Malavika Nair was in her element. She had shaped one piece of paper to hold 1,500 times its weight. She had dipped her hand into a bucket of water to test water pressure. Now, she was trying out software that lets kids design a virtual bridge.
This wasn’t homework or even an extra-credit assignment. Malavika and dozens of schoolmates from McNair Elementary in Herndon had come to Washington early one Saturday morning for Discover Engineering Family Day.
“This is one of the best field trips I’ve ever been on,” the sixth-grader said.
Girls Excelling in Math and Science (GEMS), the after-school club that brought Malavika to the event at the National Building Museum, was the reason behind her excitement.
“I started liking math and science after I got into GEMS,” said Malavika, who joined last fall.
Photo: (From Elizabeth Vandenburg) - Dr. Cady Coleman, retired NASA astronaut, speaks to attendees at the Girls in STEM event held last April at the White House
That comment got a smile from club organizer Laura Reasoner Jones, who started GEMS nearly 20 years ago after looking for math and science activities for her own daughter.
“When we started, I had to recruit people,” Jones said. Now, the club holds a lottery because there is space for only 50 fourth- and fifth-graders, and more than 50 sign up. (Jones started a separate group, Junior GEMS, for third- and fourth-graders four years ago.)
Word has also spread beyond McNair. Thirty other Fairfax County elementary and middle schools have clubs. Prince George’s County has a few. So does Atlanta, Georgia.
Jones credits the group’s popularity to the hands-on activities and group projects related to science, technology, engineering and math — STEM, for short.
“We always do things that are not related to science tests or math tests,” said Jones, who is a technology support teacher at McNair. “We always do things that are a little wacko.”
GEMS members are quick to share their favorite club activities: dropping eggs off a ladder in student-designed protective containers and building a tower of pasta that could support a marshmallow.
“We used pipe cleaners to make a cube, and put it in dish soap,” said Isha Kanshal, 11. “It made square bubbles.”
Isha said the girls always form a hypothesis — what they think is going to happen — before they experiment.

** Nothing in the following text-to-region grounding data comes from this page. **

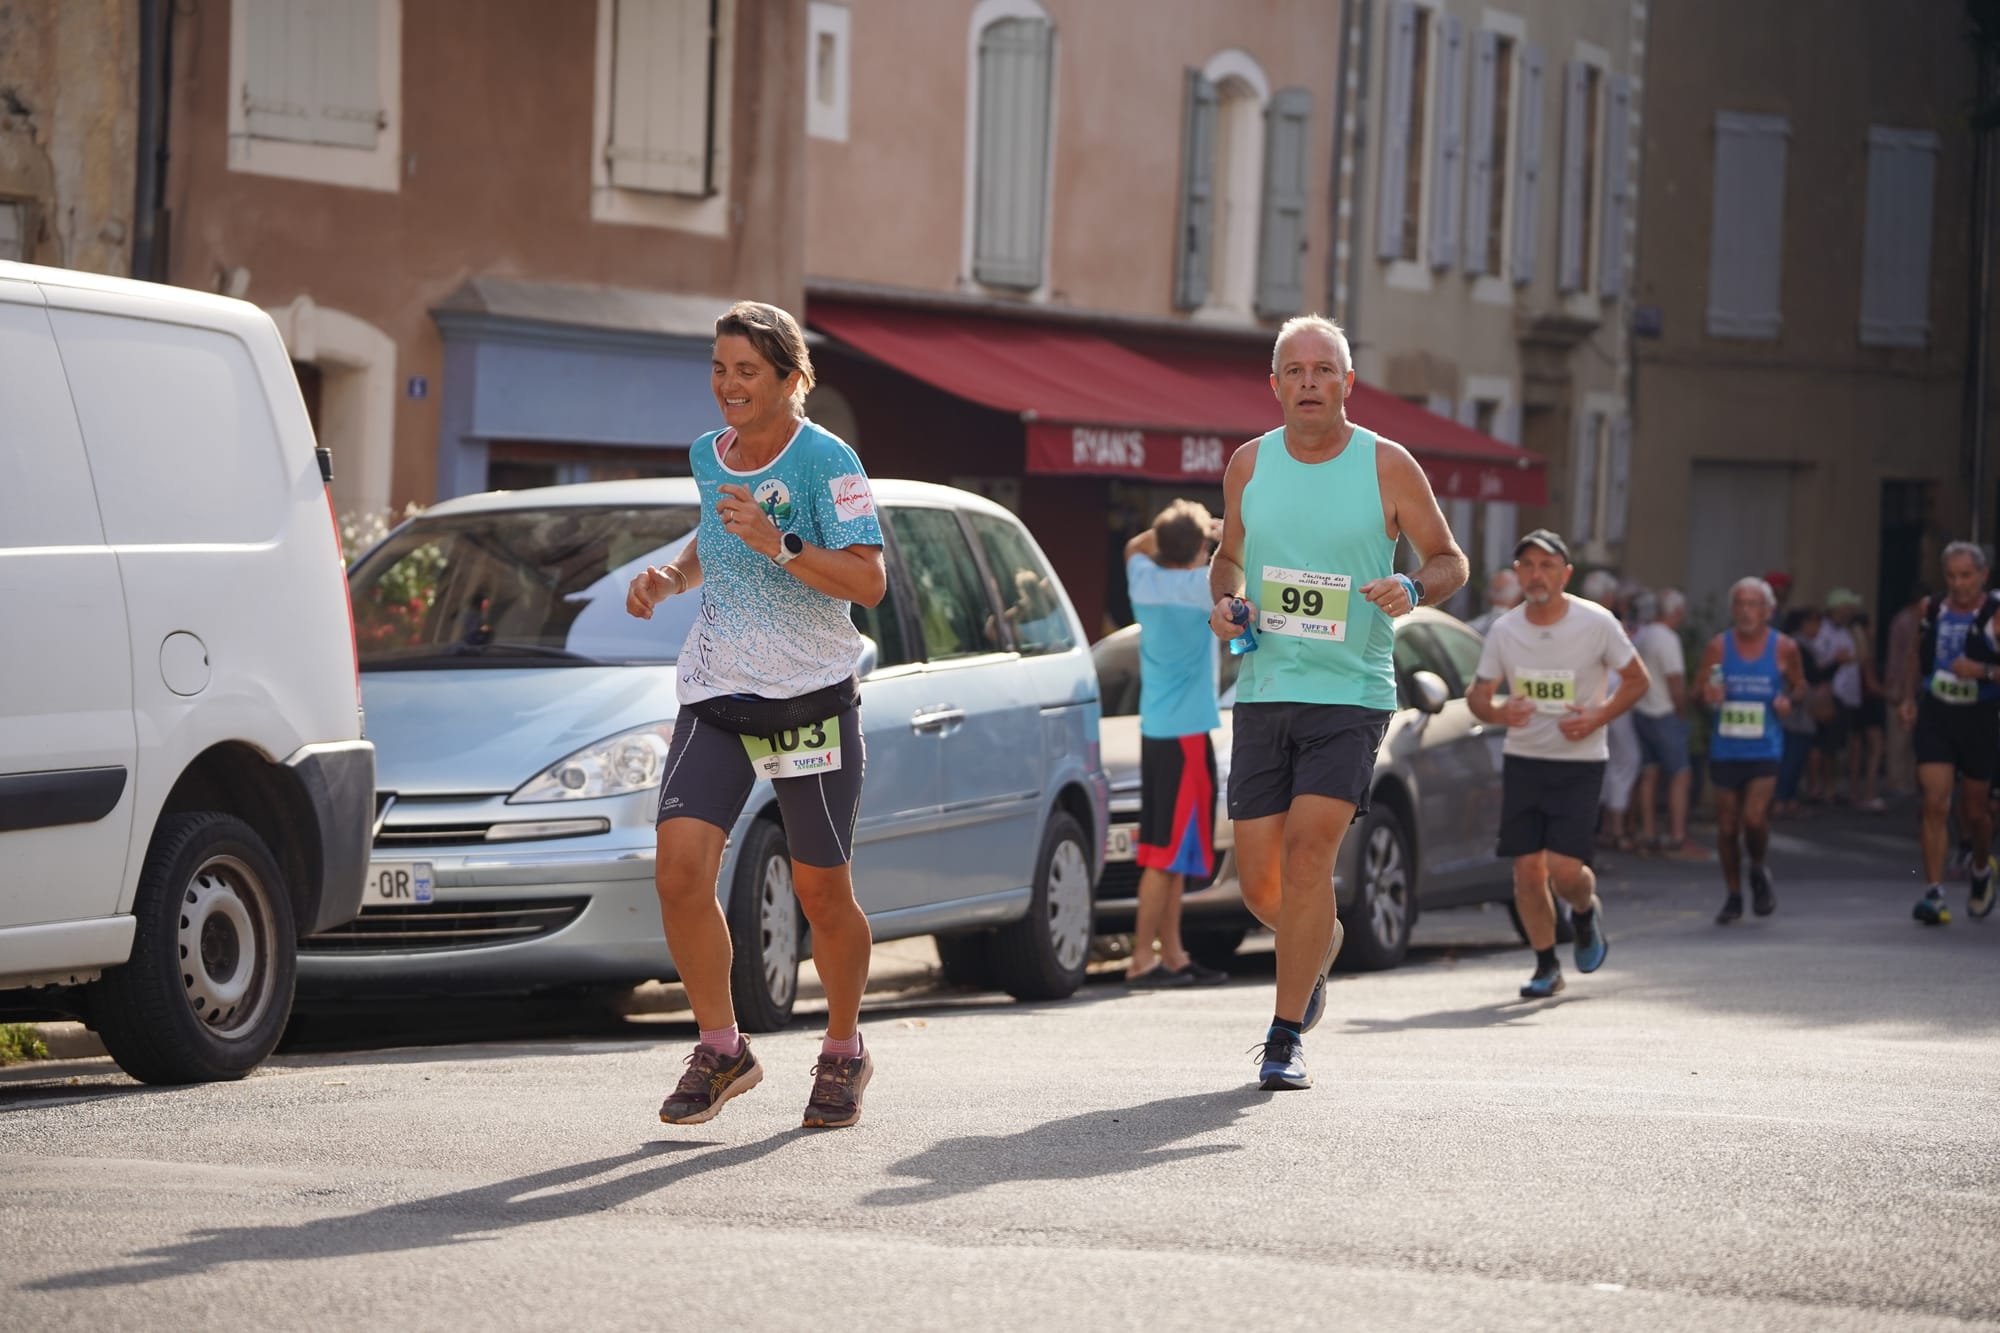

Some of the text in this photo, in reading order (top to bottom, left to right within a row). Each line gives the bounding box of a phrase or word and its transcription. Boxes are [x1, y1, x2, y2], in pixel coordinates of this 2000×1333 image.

[1073, 427, 1224, 473] RYAN'S BAR
[761, 482, 775, 492] TAC
[1281, 587, 1323, 616] 99
[1301, 622, 1329, 632] TUFF'S
[1523, 681, 1565, 699] 188
[792, 756, 824, 767] TUFF'S

She said she doesn’t worry if the results are different from the hypothesis.
“Then you learn something,” she said with a shrug.

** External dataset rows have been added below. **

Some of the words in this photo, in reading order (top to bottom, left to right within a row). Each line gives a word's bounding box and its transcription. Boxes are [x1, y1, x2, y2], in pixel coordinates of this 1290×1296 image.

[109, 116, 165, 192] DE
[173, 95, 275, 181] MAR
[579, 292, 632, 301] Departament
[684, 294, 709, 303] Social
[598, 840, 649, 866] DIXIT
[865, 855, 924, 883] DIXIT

The atmosphere at weekly club meetings is part of the reason GEMS members are willing to try things that don’t always work, Jones said.
“There’s very little of the pressure of competition,” she said.
Jones said she hopes the interest in GEMS will lead to more young women choosing careers in science, technology, engineering and math. A 2009 survey by the Census Bureau, the government office that counts people and their jobs, found that women made up about half of all working people, but most were not in math and science careers. Women filled only 24 percent of those jobs.
“It has to connect to a career,” Jones said of club activities. “We want them to think, ‘This is fun. I could do this.’ ”
McNair’s GEMS members are already thinking in that direction. In a small group at the Building Museum, there was a future chemist, a future engineer and a girl debating between two careers.
“I want to become a zoologist,” said Shristi Nadkarni, 9, a first-year Junior GEMS member. She paused to consider her options but didn’t stray far from her original plan. “But if not, a biologist.”